-- Opening Marker --

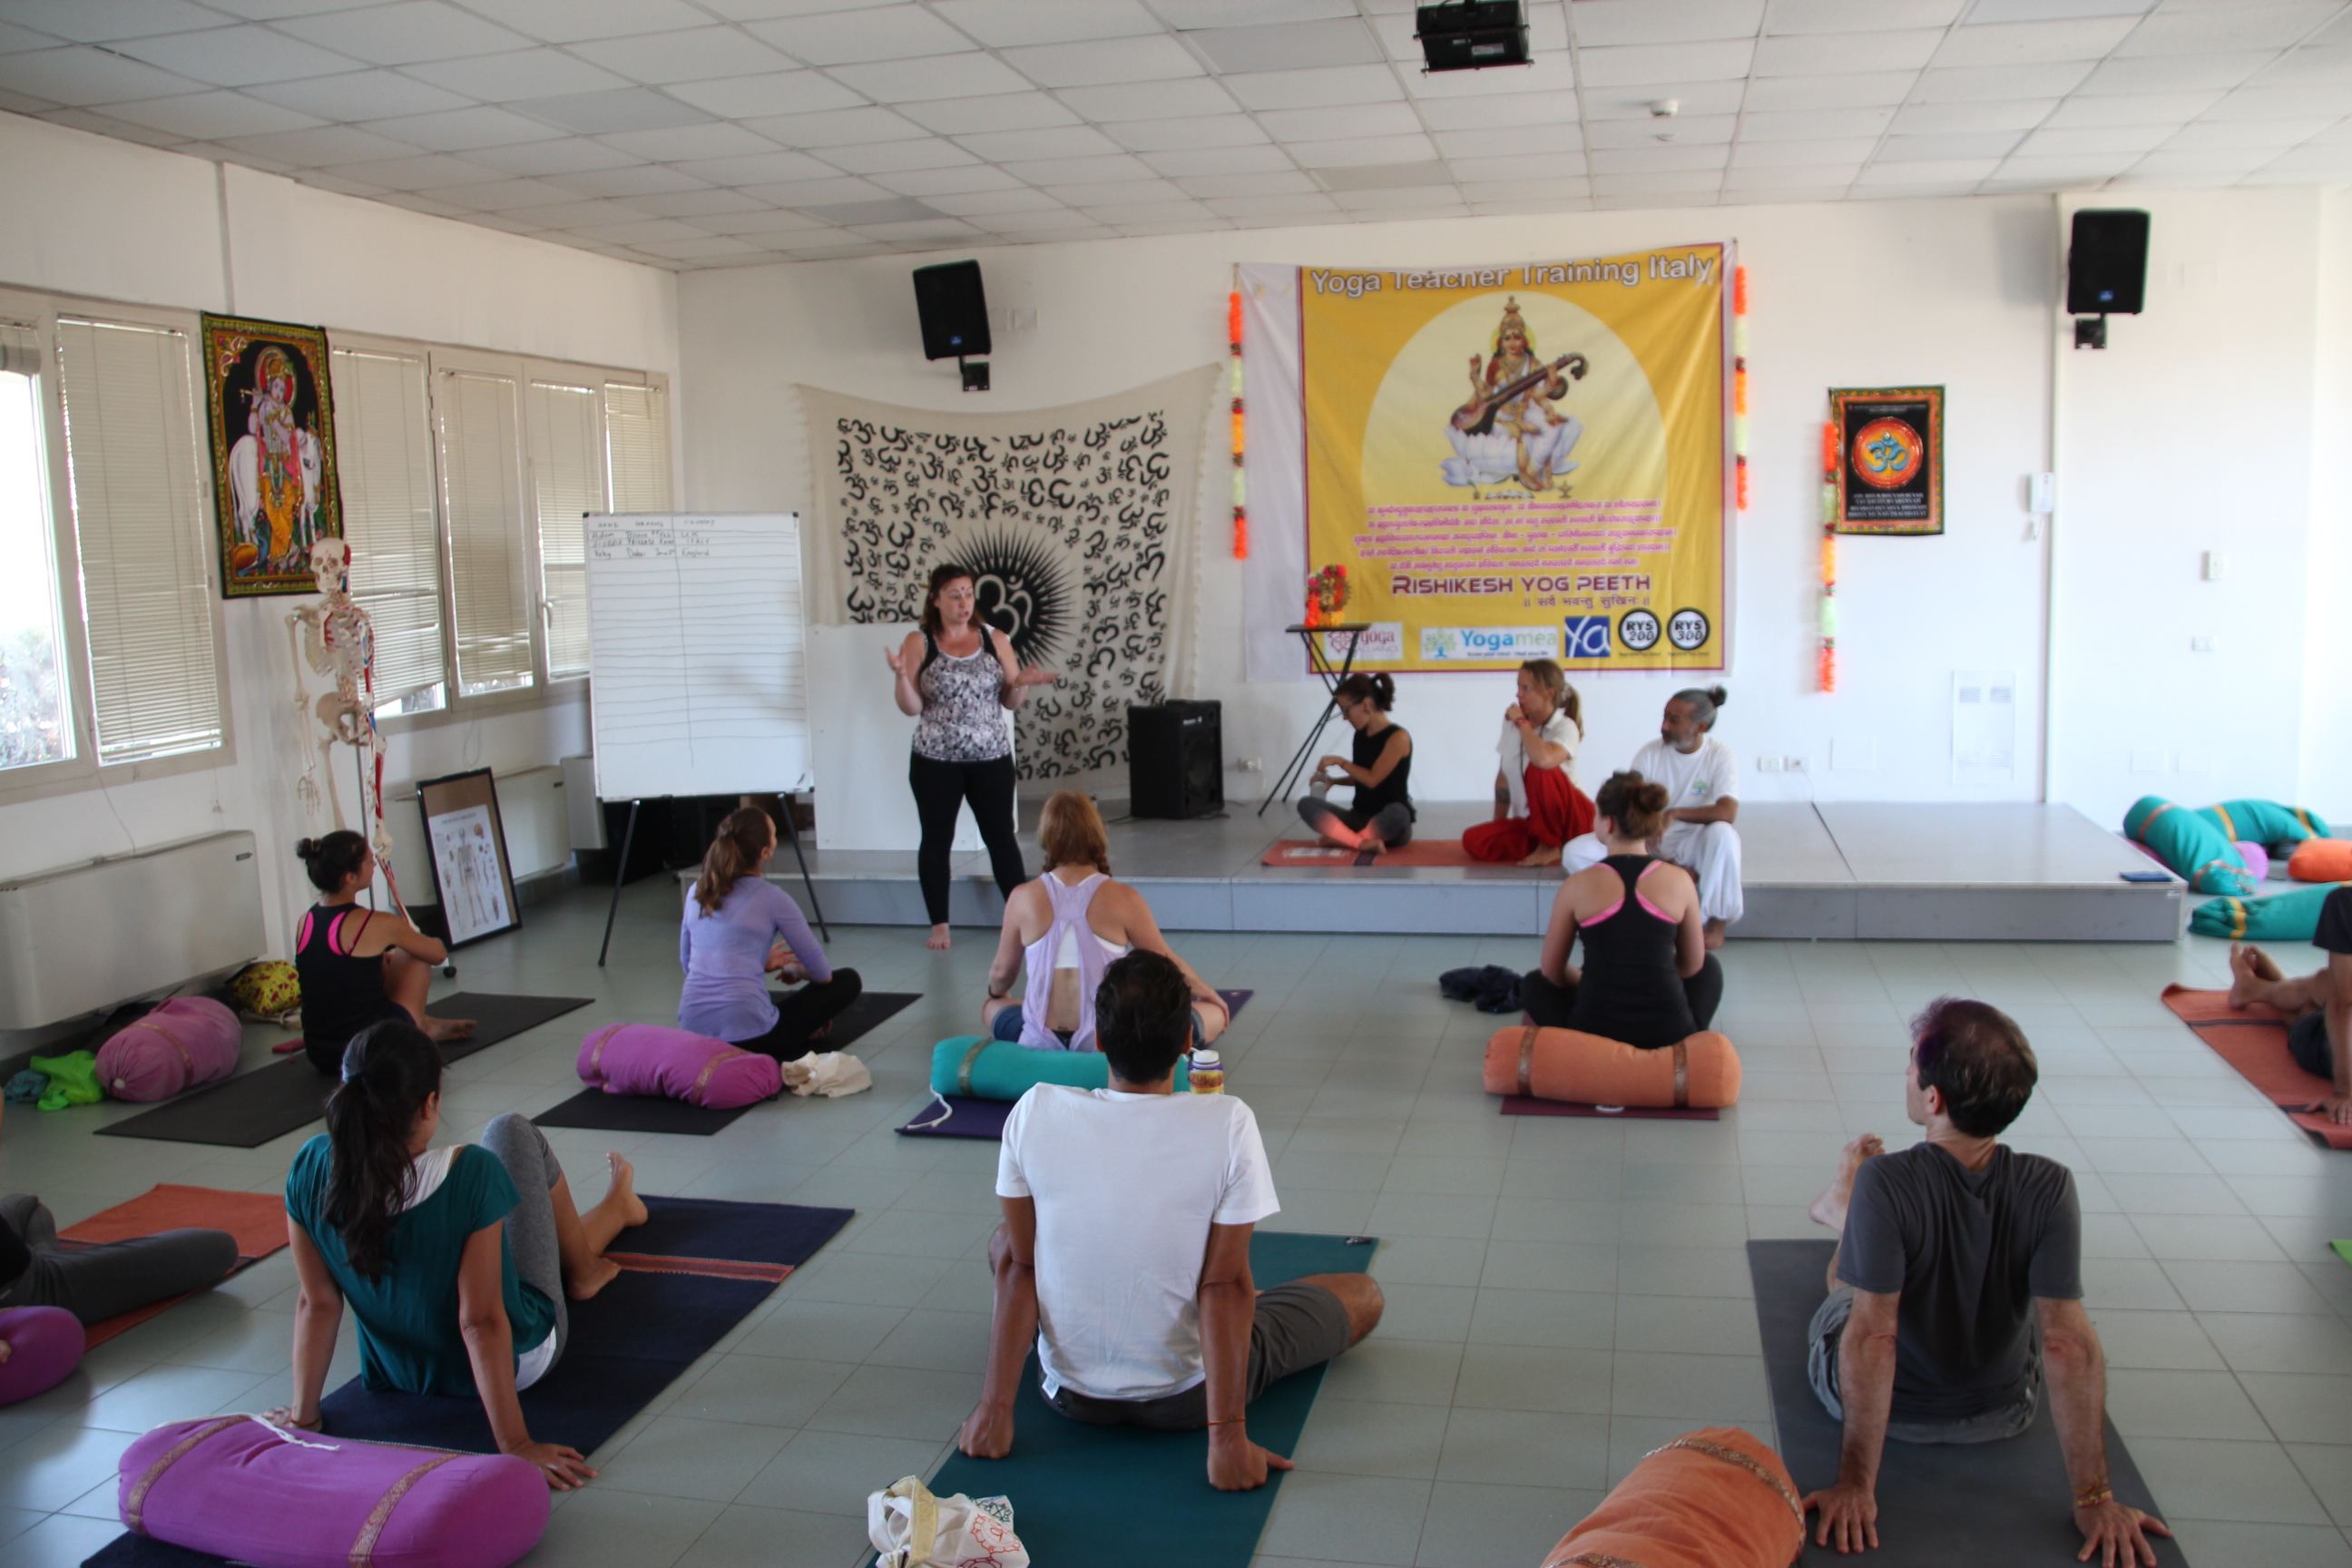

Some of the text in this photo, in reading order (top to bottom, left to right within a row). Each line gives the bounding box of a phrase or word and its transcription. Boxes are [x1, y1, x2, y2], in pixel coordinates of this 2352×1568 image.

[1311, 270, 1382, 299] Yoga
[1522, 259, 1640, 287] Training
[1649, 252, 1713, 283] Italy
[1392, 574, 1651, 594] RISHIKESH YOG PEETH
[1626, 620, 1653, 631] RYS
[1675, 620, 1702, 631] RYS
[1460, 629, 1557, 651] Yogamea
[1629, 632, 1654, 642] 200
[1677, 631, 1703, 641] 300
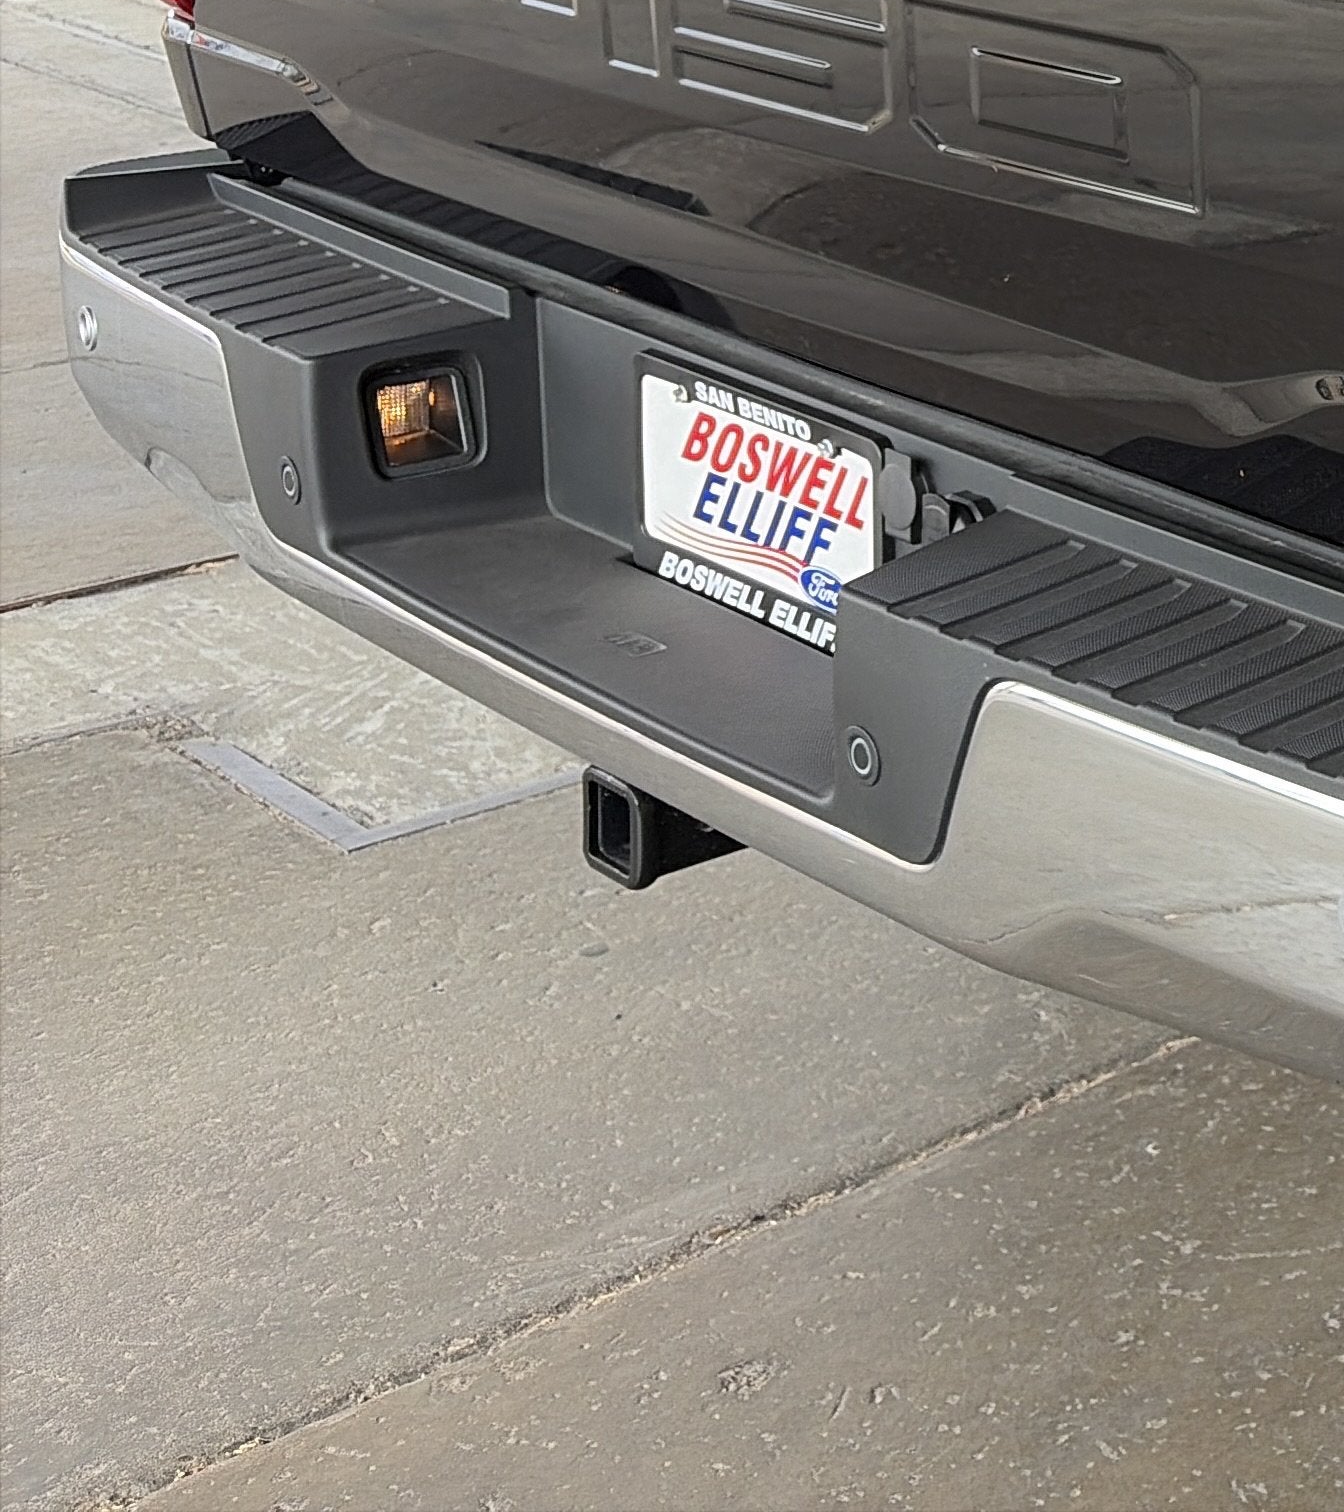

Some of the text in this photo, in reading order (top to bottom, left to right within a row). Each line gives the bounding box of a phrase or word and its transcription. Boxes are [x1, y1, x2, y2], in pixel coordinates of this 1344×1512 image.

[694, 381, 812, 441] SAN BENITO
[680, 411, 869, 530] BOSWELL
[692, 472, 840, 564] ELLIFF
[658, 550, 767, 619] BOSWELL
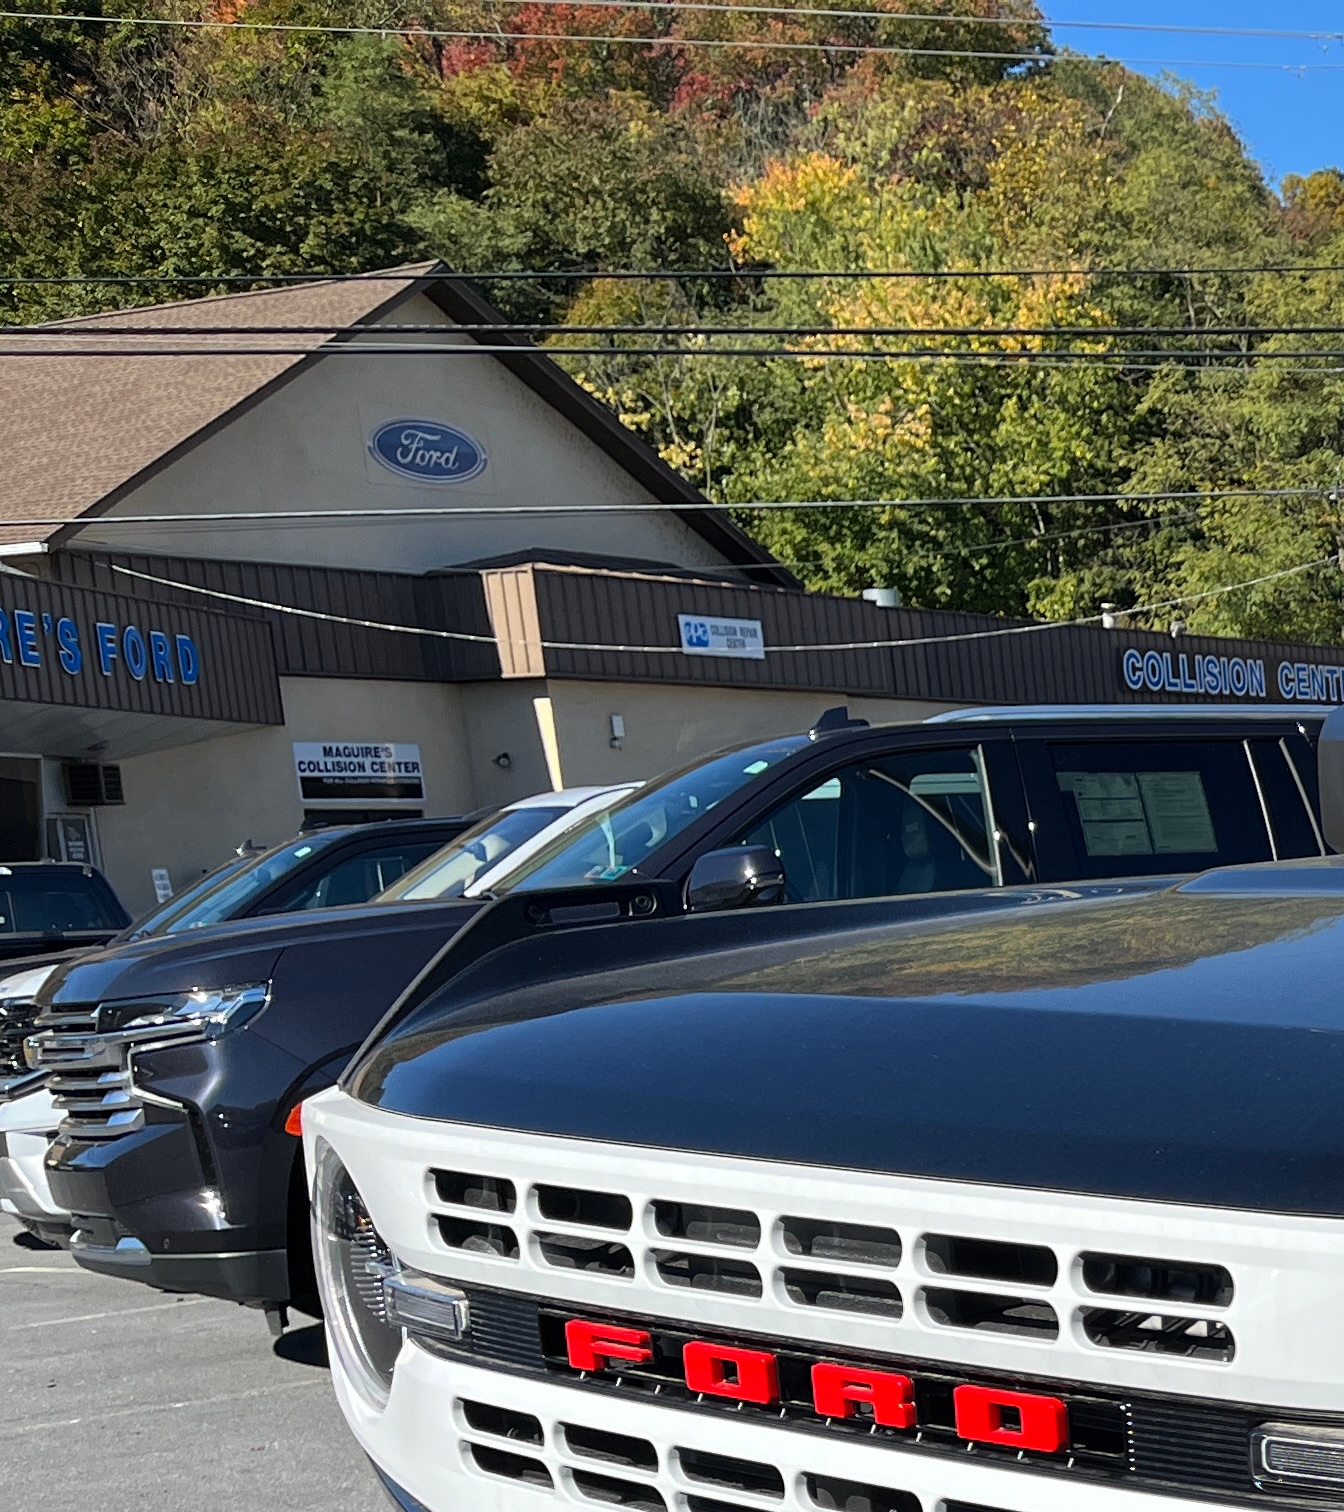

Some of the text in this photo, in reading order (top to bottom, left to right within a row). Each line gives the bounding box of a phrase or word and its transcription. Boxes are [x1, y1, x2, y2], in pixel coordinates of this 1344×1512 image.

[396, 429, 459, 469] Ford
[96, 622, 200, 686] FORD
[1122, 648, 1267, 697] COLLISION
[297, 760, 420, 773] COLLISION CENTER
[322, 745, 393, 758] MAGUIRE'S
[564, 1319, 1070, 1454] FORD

-- Closing Marker --

## WHAT YOU NEED TO DO:
Quote every entry exactly, with the pictures omitted.

## ANSWER BOX:
Some of the text in this photo, in reading order (top to bottom, left to right within a row). Each line gives the bounding box of a phrase or word and its transcription. Boxes are [x1, y1, x2, y2], in pixel coordinates of this 2352×1568 image.

[1311, 270, 1382, 299] Yoga
[1522, 259, 1640, 287] Training
[1649, 252, 1713, 283] Italy
[1392, 574, 1651, 594] RISHIKESH YOG PEETH
[1626, 620, 1653, 631] RYS
[1675, 620, 1702, 631] RYS
[1460, 629, 1557, 651] Yogamea
[1629, 632, 1654, 642] 200
[1677, 631, 1703, 641] 300

Some of the text in this photo, in reading order (top to bottom, left to right within a row). Each line gives the bounding box of a phrase or word and its transcription. Boxes are [x1, y1, x2, y2], in pixel coordinates of this 1344×1512 image.

[694, 381, 812, 441] SAN BENITO
[680, 411, 869, 530] BOSWELL
[692, 472, 840, 564] ELLIFF
[658, 550, 767, 619] BOSWELL

Some of the text in this photo, in reading order (top to bottom, left to right within a row). Each line gives the bounding box of a phrase or word and its transcription. Boxes are [x1, y1, x2, y2], in pixel coordinates of this 1344×1512 image.

[396, 429, 459, 469] Ford
[96, 622, 200, 686] FORD
[1122, 648, 1267, 697] COLLISION
[297, 760, 420, 773] COLLISION CENTER
[322, 745, 393, 758] MAGUIRE'S
[564, 1319, 1070, 1454] FORD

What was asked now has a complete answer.